Nutrition for Planning and Preparing for Pregnancy

There is so much advice out there; how do I choose what to eat?

Why are folic acid (or folate) and iron so important?

What is considered "healthy eating" for women who are planning to become pregnant?

What is a serving size?

What foods should I be careful about eating?

As part of a healthy diet, what should I drink?

Is it ok to drink alcohol while I am planning to get pregnant?

There is so much advice out there; how do I choose what to eat?

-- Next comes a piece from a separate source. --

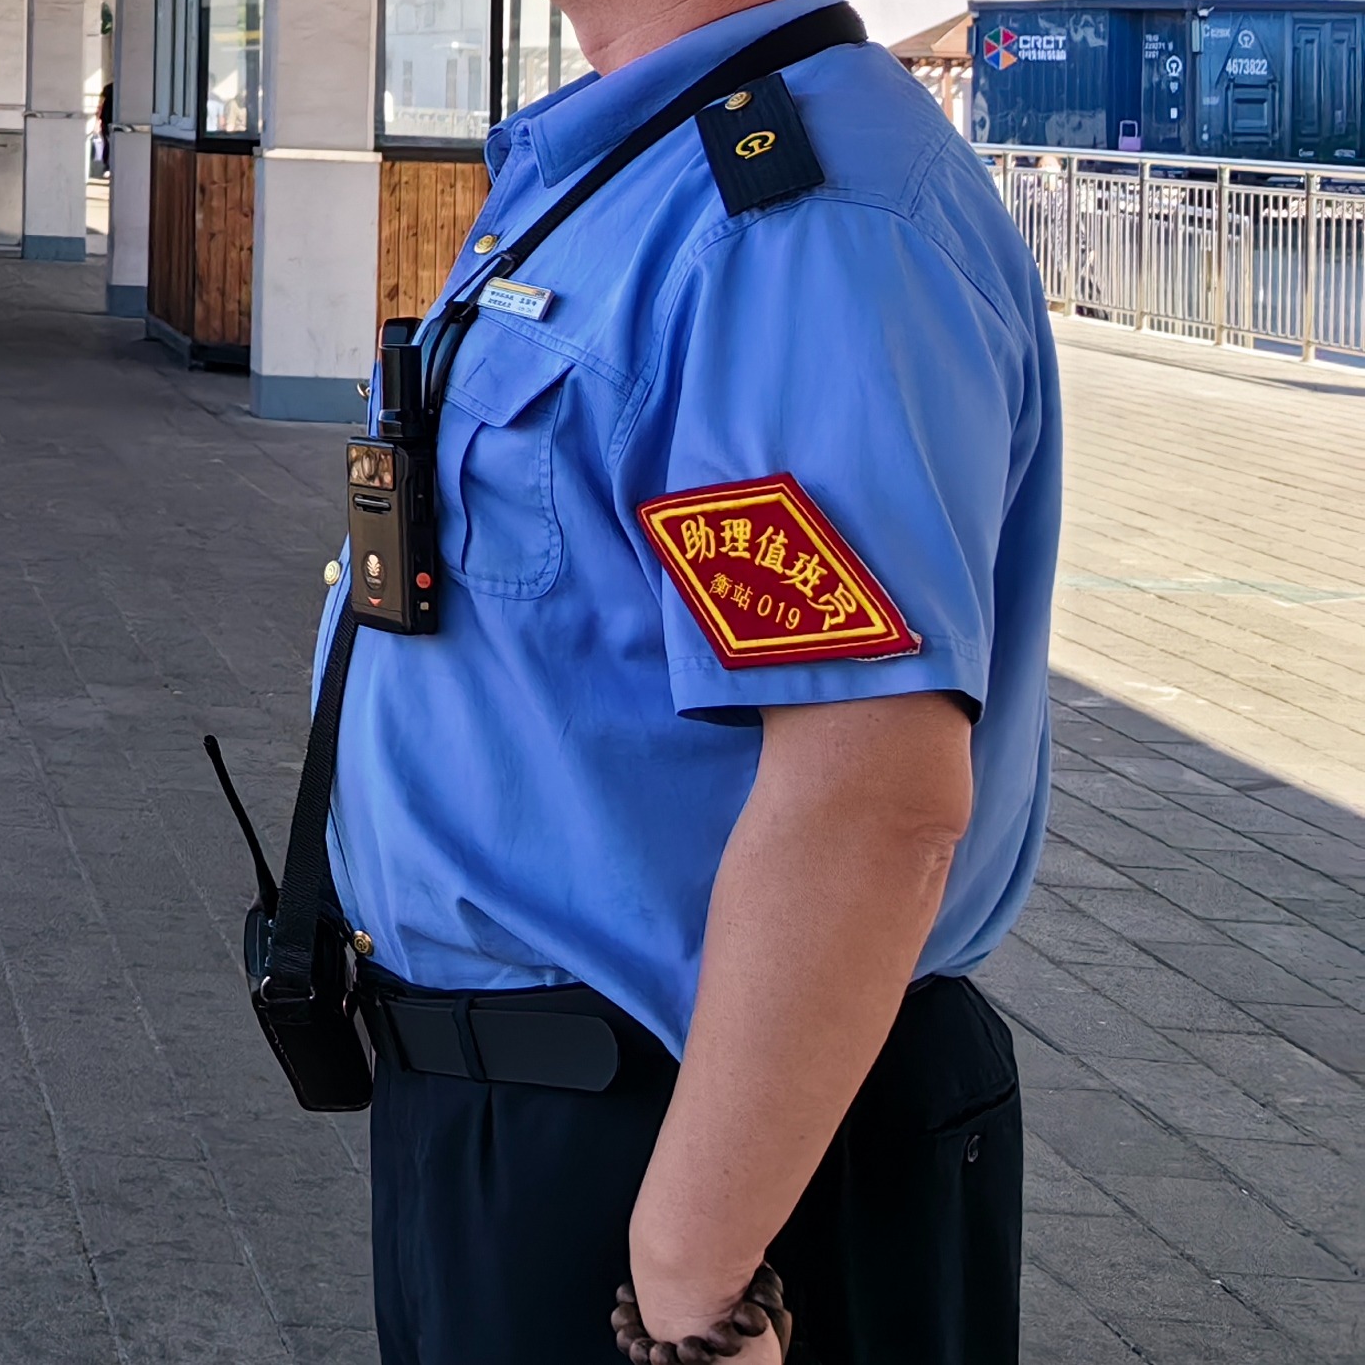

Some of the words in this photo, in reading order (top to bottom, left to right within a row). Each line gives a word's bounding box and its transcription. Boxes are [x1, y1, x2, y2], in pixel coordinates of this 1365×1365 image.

[1019, 35, 1067, 49] CRCT
[680, 514, 858, 631] 助理值班员

Choosing what to eat should be based on a balanced diet and the amount of calories you need to carry out your daily activities. Avoid fad diets and those that over-emphasize or downplay any of the six main dietary nutrients: water, protein, carbohydrates, fat, vitamins, and minerals. Healthy eating will help you function at your best and achieve and maintain a healthy body weight. 

Why are folic acid (or folate) and iron so important?

As part of the revised FDA national dietary guidelines for healthy eating, there are two specific recommendations for pre-pregnant women that relate to iron and folate (folic acid):
  • Consume adequate synthetic folic acid daily (from fortified foods or supplements) AND food forms of folic acid from a varied diet.

Whether you are planning to get pregnant or not, you must be sure to get enough folic acid (sometimes called folate).

Folic acid is a B vitamin that helps a baby's neural tube -- the part of the embryo that becomes the brain and spinal cord -- develop properly. It is critical to start taking it before conception and to continue taking it through the third month of pregnancy, when the baby's neural tube is developing, to prevent birth defects in the spine and skull.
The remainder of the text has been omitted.